• _What is being asked_: Go through the lines below and repeat each one exactly, skipping pictures.

• _Input material_:
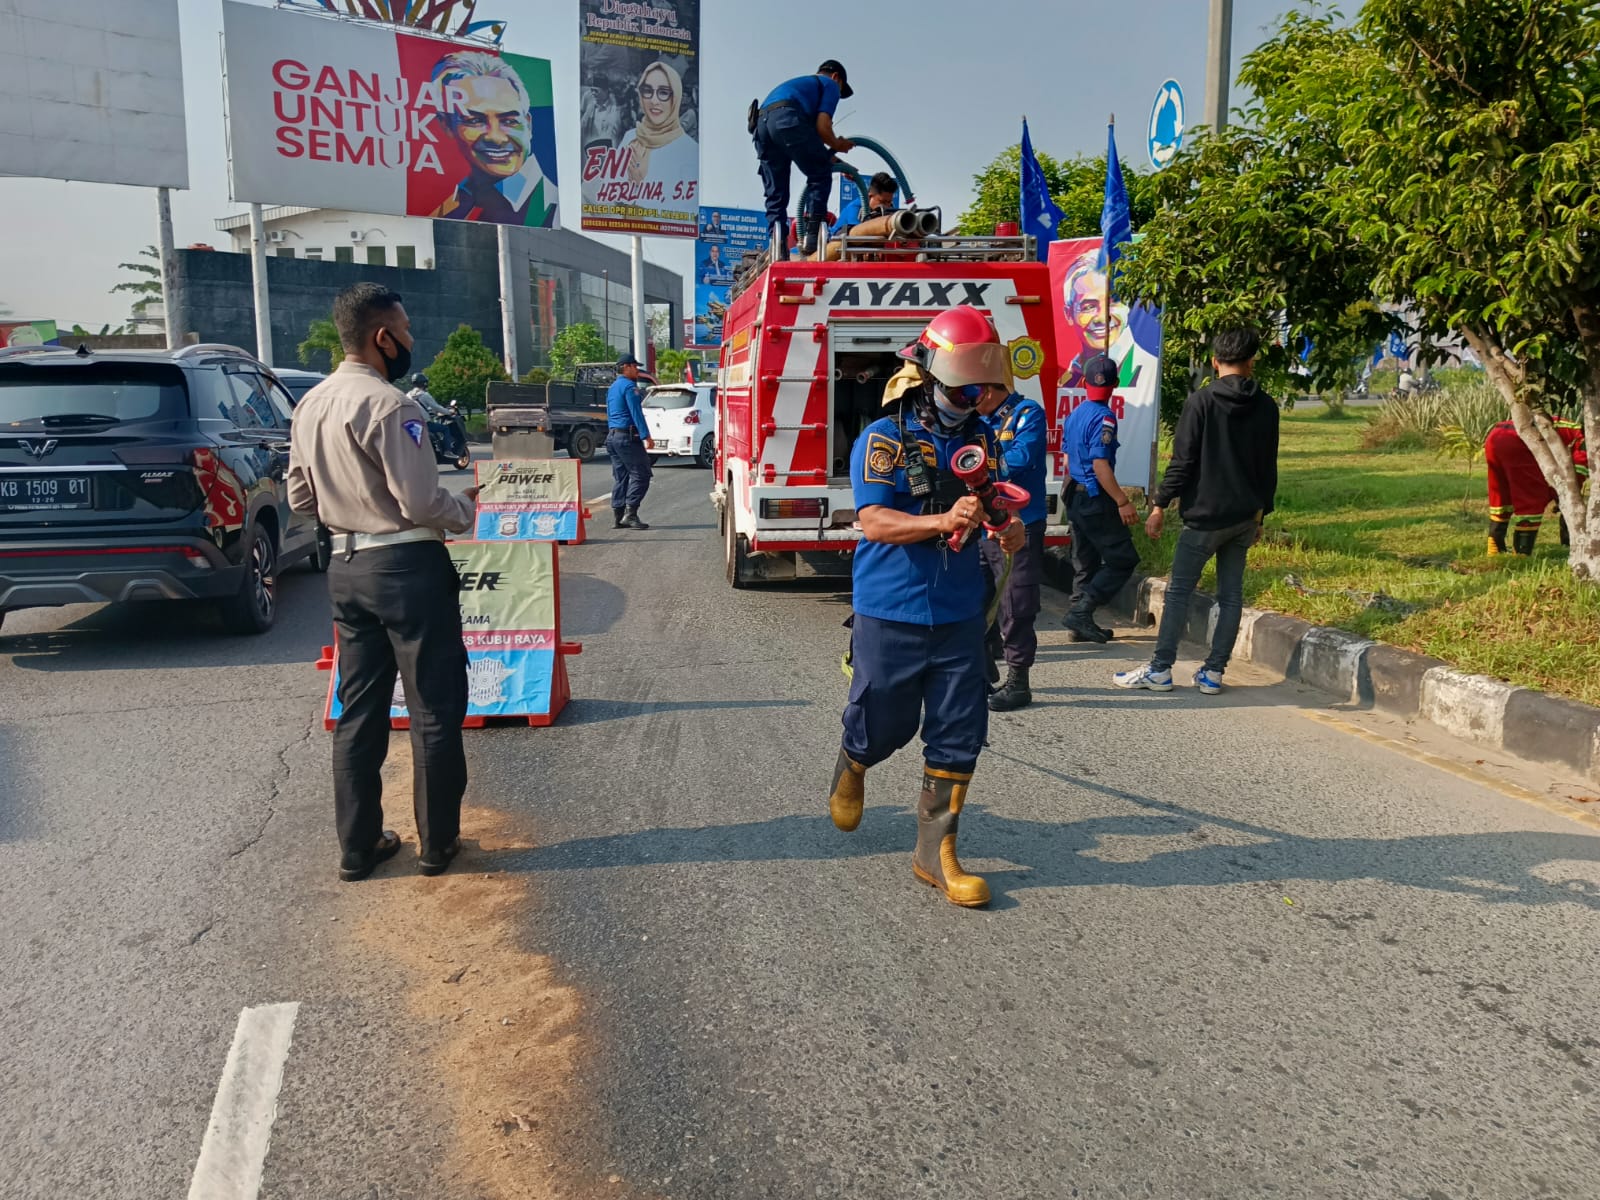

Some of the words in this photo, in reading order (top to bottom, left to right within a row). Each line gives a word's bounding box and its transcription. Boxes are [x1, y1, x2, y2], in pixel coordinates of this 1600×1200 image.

[603, 0, 677, 25] Dirgahayu
[586, 13, 640, 31] Republik
[641, 20, 692, 40] Indonesia
[272, 59, 470, 117] GANJAR
[273, 91, 439, 143] UNTUK
[275, 126, 445, 175] SEMUA
[582, 146, 632, 182] ENI
[596, 181, 666, 203] HERLINA,
[672, 180, 698, 201] S.E
[610, 206, 626, 216] DPR
[828, 282, 992, 306] AYAXX
[0, 482, 18, 497] KB
[25, 480, 58, 496] 1509
[498, 474, 554, 485] POWER
[477, 635, 511, 645] KUBU
[514, 634, 546, 644] RAYA

• _Solution to the problem_:
Some of the words in this photo, in reading order (top to bottom, left to right within a row). Each line gives a word's bounding box and its transcription. Boxes are [x1, y1, x2, y2], in pixel coordinates of this 1600×1200 image.

[603, 0, 677, 25] Dirgahayu
[586, 13, 640, 31] Republik
[641, 20, 692, 40] Indonesia
[272, 59, 470, 117] GANJAR
[273, 91, 439, 143] UNTUK
[275, 126, 445, 175] SEMUA
[582, 146, 632, 182] ENI
[596, 181, 666, 203] HERLINA,
[672, 180, 698, 201] S.E
[610, 206, 626, 216] DPR
[828, 282, 992, 306] AYAXX
[0, 482, 18, 497] KB
[25, 480, 58, 496] 1509
[498, 474, 554, 485] POWER
[477, 635, 511, 645] KUBU
[514, 634, 546, 644] RAYA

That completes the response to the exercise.